(Dataset records)
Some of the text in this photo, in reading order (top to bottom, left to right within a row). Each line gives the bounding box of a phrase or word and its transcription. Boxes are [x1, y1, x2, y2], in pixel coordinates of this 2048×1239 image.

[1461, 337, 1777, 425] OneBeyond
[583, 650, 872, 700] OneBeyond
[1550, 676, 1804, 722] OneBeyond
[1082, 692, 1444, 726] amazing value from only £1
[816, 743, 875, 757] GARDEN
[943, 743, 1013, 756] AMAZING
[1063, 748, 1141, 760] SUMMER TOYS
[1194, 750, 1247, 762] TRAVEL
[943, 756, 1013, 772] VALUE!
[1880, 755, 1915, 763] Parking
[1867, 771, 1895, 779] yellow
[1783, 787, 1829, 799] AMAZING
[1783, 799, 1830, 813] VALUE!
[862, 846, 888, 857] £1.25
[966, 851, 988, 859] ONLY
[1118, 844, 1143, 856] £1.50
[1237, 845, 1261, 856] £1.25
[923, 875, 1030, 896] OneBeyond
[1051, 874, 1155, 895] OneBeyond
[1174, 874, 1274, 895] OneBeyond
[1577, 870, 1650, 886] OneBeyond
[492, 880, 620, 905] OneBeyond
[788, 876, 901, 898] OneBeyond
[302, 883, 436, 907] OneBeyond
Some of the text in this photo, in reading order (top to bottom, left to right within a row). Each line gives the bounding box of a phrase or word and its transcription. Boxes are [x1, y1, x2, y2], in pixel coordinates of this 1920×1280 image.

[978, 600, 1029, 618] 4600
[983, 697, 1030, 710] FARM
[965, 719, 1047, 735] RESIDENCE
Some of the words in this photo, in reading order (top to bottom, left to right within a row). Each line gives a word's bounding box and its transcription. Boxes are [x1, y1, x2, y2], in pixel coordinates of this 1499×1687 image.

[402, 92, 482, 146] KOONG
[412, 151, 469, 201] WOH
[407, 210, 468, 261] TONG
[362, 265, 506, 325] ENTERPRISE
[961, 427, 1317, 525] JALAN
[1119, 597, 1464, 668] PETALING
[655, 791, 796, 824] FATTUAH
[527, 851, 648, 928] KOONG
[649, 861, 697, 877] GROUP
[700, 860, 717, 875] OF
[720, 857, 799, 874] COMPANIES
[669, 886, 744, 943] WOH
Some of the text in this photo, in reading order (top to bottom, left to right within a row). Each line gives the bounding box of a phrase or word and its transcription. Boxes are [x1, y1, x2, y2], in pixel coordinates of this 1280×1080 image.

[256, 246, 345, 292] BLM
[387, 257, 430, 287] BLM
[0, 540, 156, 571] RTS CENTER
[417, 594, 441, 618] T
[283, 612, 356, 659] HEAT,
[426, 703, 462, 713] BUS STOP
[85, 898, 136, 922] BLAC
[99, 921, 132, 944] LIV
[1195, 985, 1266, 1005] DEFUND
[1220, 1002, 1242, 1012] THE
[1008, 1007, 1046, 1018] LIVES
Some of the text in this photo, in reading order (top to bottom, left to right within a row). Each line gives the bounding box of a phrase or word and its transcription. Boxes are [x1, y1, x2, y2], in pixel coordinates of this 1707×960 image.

**YOUR OBJECTIVE:**
For each line shown above, write an exact copy.

**SOLUTION TO THIS TASK:**
Some of the text in this photo, in reading order (top to bottom, left to right within a row). Each line gives the bounding box of a phrase or word and its transcription. Boxes are [x1, y1, x2, y2], in pixel coordinates of this 2048×1239 image.

[1461, 337, 1777, 425] OneBeyond
[583, 650, 872, 700] OneBeyond
[1550, 676, 1804, 722] OneBeyond
[1082, 692, 1444, 726] amazing value from only £1
[816, 743, 875, 757] GARDEN
[943, 743, 1013, 756] AMAZING
[1063, 748, 1141, 760] SUMMER TOYS
[1194, 750, 1247, 762] TRAVEL
[943, 756, 1013, 772] VALUE!
[1880, 755, 1915, 763] Parking
[1867, 771, 1895, 779] yellow
[1783, 787, 1829, 799] AMAZING
[1783, 799, 1830, 813] VALUE!
[862, 846, 888, 857] £1.25
[966, 851, 988, 859] ONLY
[1118, 844, 1143, 856] £1.50
[1237, 845, 1261, 856] £1.25
[923, 875, 1030, 896] OneBeyond
[1051, 874, 1155, 895] OneBeyond
[1174, 874, 1274, 895] OneBeyond
[1577, 870, 1650, 886] OneBeyond
[492, 880, 620, 905] OneBeyond
[788, 876, 901, 898] OneBeyond
[302, 883, 436, 907] OneBeyond
Some of the text in this photo, in reading order (top to bottom, left to right within a row). Each line gives the bounding box of a phrase or word and its transcription. Boxes are [x1, y1, x2, y2], in pixel coordinates of this 1920×1280 image.

[978, 600, 1029, 618] 4600
[983, 697, 1030, 710] FARM
[965, 719, 1047, 735] RESIDENCE
Some of the words in this photo, in reading order (top to bottom, left to right within a row). Each line gives a word's bounding box and its transcription. Boxes are [x1, y1, x2, y2], in pixel coordinates of this 1499×1687 image.

[402, 92, 482, 146] KOONG
[412, 151, 469, 201] WOH
[407, 210, 468, 261] TONG
[362, 265, 506, 325] ENTERPRISE
[961, 427, 1317, 525] JALAN
[1119, 597, 1464, 668] PETALING
[655, 791, 796, 824] FATTUAH
[527, 851, 648, 928] KOONG
[649, 861, 697, 877] GROUP
[700, 860, 717, 875] OF
[720, 857, 799, 874] COMPANIES
[669, 886, 744, 943] WOH
Some of the text in this photo, in reading order (top to bottom, left to right within a row). Each line gives the bounding box of a phrase or word and its transcription. Boxes are [x1, y1, x2, y2], in pixel coordinates of this 1280×1080 image.

[256, 246, 345, 292] BLM
[387, 257, 430, 287] BLM
[0, 540, 156, 571] RTS CENTER
[417, 594, 441, 618] T
[283, 612, 356, 659] HEAT,
[426, 703, 462, 713] BUS STOP
[85, 898, 136, 922] BLAC
[99, 921, 132, 944] LIV
[1195, 985, 1266, 1005] DEFUND
[1220, 1002, 1242, 1012] THE
[1008, 1007, 1046, 1018] LIVES
Some of the text in this photo, in reading order (top to bottom, left to right within a row). Each line gives the bounding box of a phrase or word and its transcription. Boxes are [x1, y1, x2, y2], in pixel coordinates of this 1707×960 image.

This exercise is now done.